Taking a steamy shower can help to relieve symptoms and clear your nasal passages. You don’t need to spend much time in the shower, but if you find that this is the best remedy for your congestion, try taking a steamy bath instead of just a hot shower. The steam will help open up your nasal passages as it travels through your nose.

Before you get into the shower or bathtub, boil some water on the stovetop and pour it into a large bowl filled with eucalyptus oil or other essential oils of choice (lavender oil works well). Once heated, place the bowl at the end of your tub so that when you sit down in it, your head will be near enough to inhale some of the vapors produced by steaming hot water.

Drink more water

  • Drink plenty of fluids.
  • Sip hot tea or warm soup to help thin mucus and ease congestion.
  • Drink fruit juice with a straw, as the extra liquid may make you feel sick if it goes down your throat too fast.
  • Add honey to warm water to help soothe an irritated throat and soothe congestion in your chest. However, do not give honey to infants under 1 year old; use only plain sugar or glucose syrup instead.

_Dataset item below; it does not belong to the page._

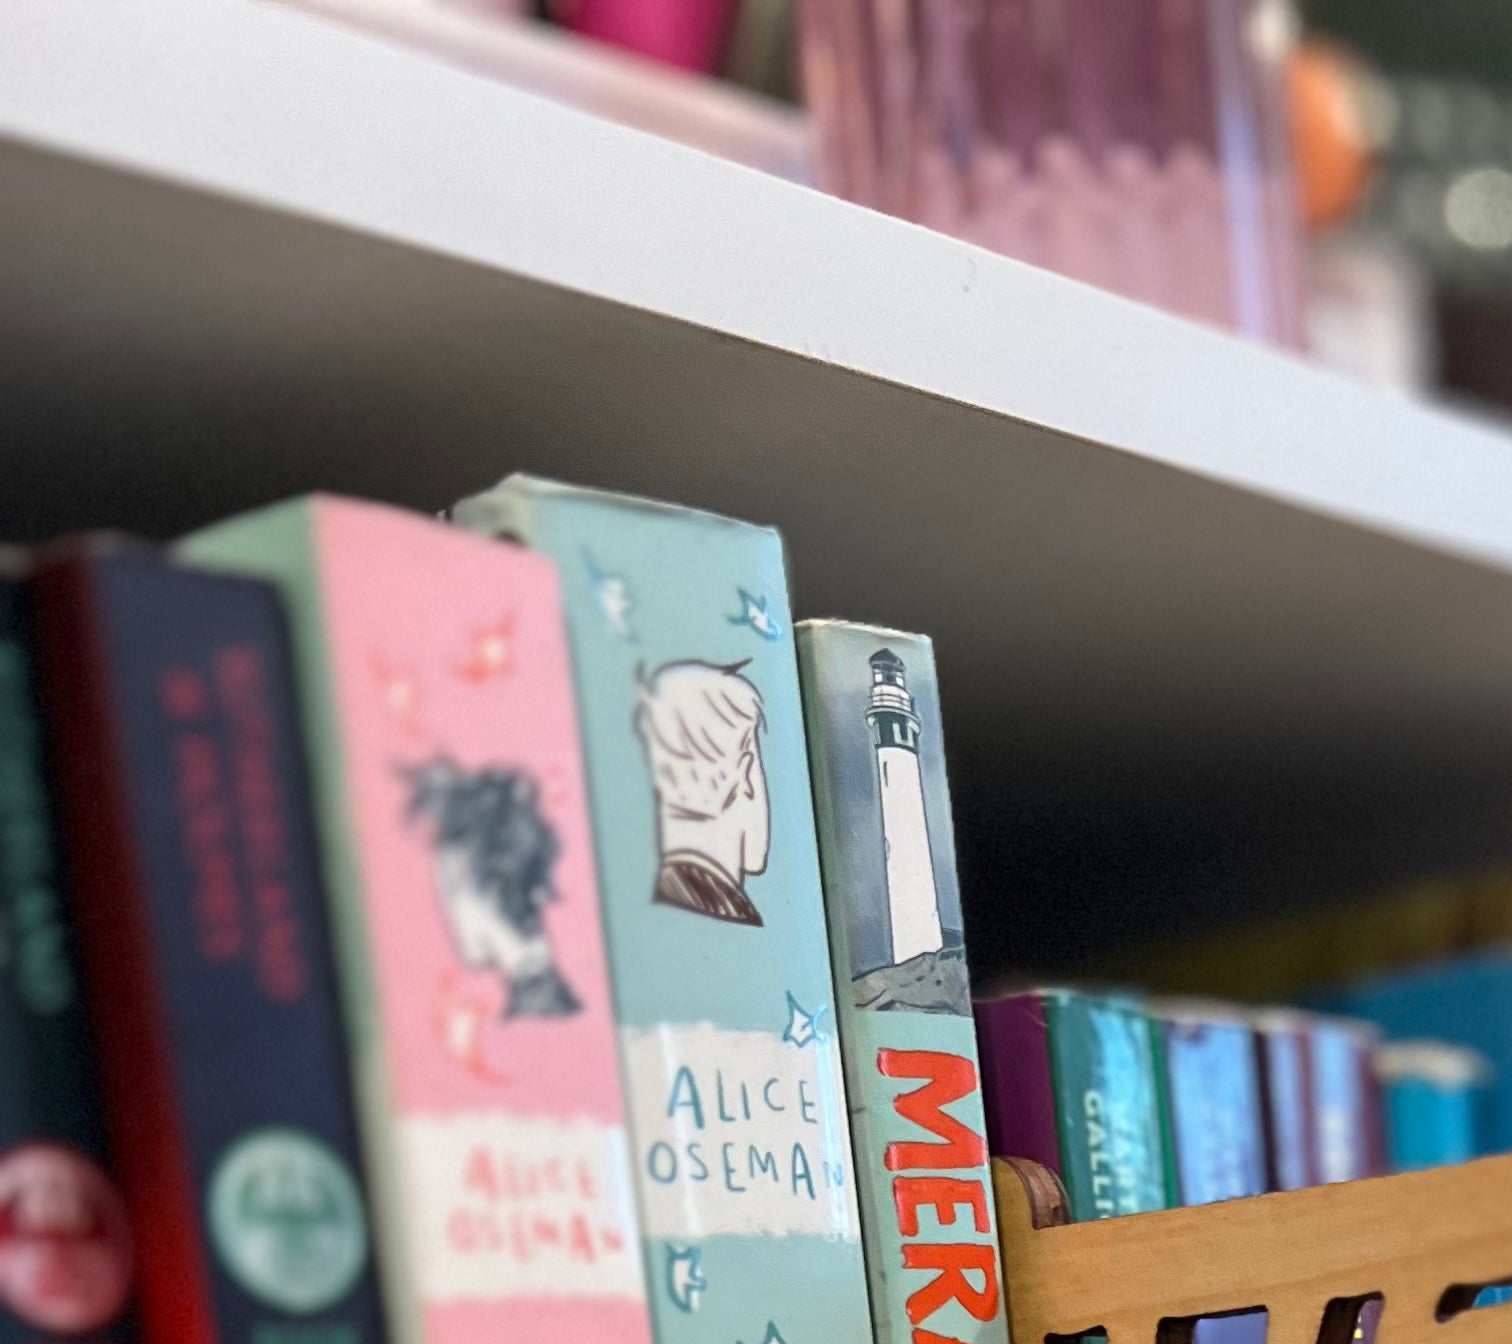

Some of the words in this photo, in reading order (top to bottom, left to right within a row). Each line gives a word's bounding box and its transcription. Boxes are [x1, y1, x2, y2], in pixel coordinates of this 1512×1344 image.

[667, 1065, 819, 1130] ALICE
[462, 1145, 597, 1202] ALICE
[647, 1141, 844, 1200] OSEMAN
[446, 1207, 624, 1264] OSEMAN

Use saline drops and spray

  • Saline drops and spray are available in the pharmacy section of most stores. You can use them in children and adults.
  • It is safe to use 2-3 times per day.
  • You can also use them with other medications such as nasal sprays or decongestants.

Make humidified air at home

If you don’t have access to a steam room, or if you’re looking for a more pleasant-smelling alternative, try making humidified air at home.

  • Boil some water in a pan on the stove and add a few drops of your favorite essential oil (eucalyptus is great). If you don’t have any essential oils, just boil some water and breathe in the steam.
  • Place the towel over your head and lean over it so that the steam touches your face. Breathe deeply for about 15 minutes until all the symptoms are gone—you’ll feel much better!

Try cold and flu medications

Your doctor may prescribe medications to help relieve nasal congestion. Some of these drugs can be purchased over the counter without a prescription, but others require a doctor’s approval. If you are taking any of these medications:

  • Check with your doctor before taking cold and flu medications if you’re under 12 years old
  • Check with your doctor before taking cold and flu medications while pregnant or breastfeeding

It helps clear your airways and make breathing easier.

While humidifiers are generally considered safe, you should check with your doctor if you have any questions about using one. If you’re thinking of getting a humidifier, consider the following:

  • Make sure your humidifier is cleaned regularly and maintained according to the manufacturer’s instructions.
  • Use only distilled or purified water in your humidifier. Do not use tap water; it could be contaminated with bacteria and other microorganisms that can cause illness or even death if inhaled into your nose and throat area.
  • Keep the water reservoir filled with clean water at all times. Before adding more water, empty out any old, stale liquid from inside of it so as not to mix them together when they’re reintroduced into circulation through evaporation processes within your appliance’s heating unit chamber (usually located somewhere near where air passes through).